*ACTION ITEM*
What you return should be the complete listing, unchanged, with no pictures in it.
_____
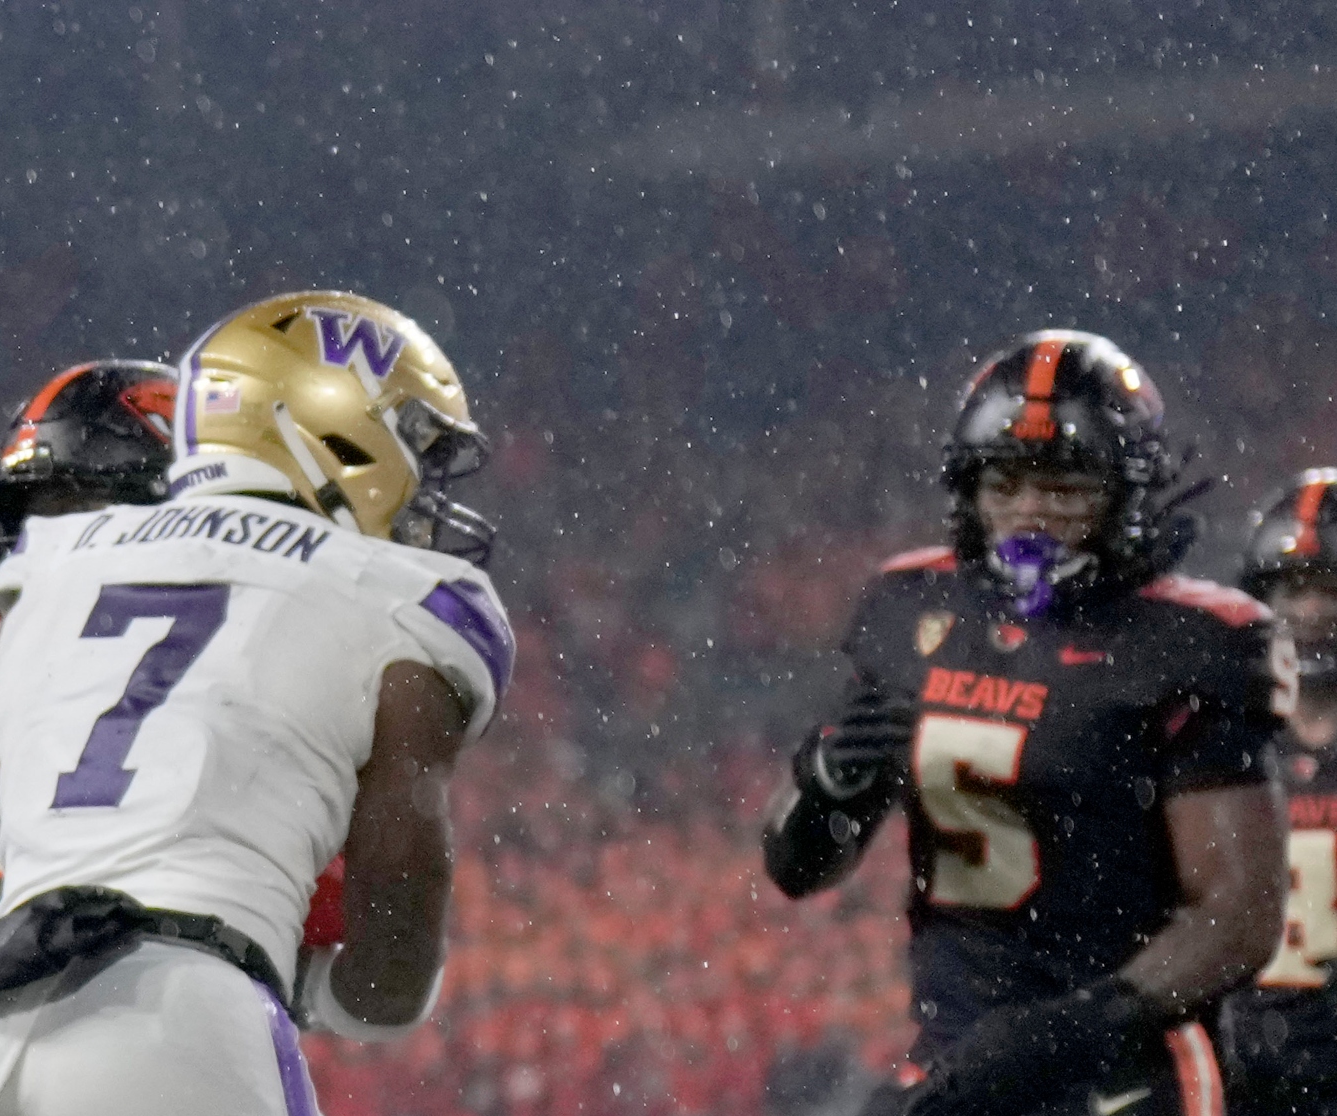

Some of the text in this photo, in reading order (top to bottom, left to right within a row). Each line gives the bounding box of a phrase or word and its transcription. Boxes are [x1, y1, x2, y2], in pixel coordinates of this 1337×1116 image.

[304, 306, 408, 381] W
[114, 506, 331, 564] JOHNSON
[48, 583, 232, 810] 7
[922, 667, 1049, 720] BEAVS
[915, 711, 1041, 909] 5
_____
*TASK SOLUTION*
Some of the text in this photo, in reading order (top to bottom, left to right within a row). Each line gives the bounding box of a phrase or word and its transcription. Boxes are [x1, y1, x2, y2], in pixel coordinates of this 1337×1116 image.

[304, 306, 408, 381] W
[114, 506, 331, 564] JOHNSON
[48, 583, 232, 810] 7
[922, 667, 1049, 720] BEAVS
[915, 711, 1041, 909] 5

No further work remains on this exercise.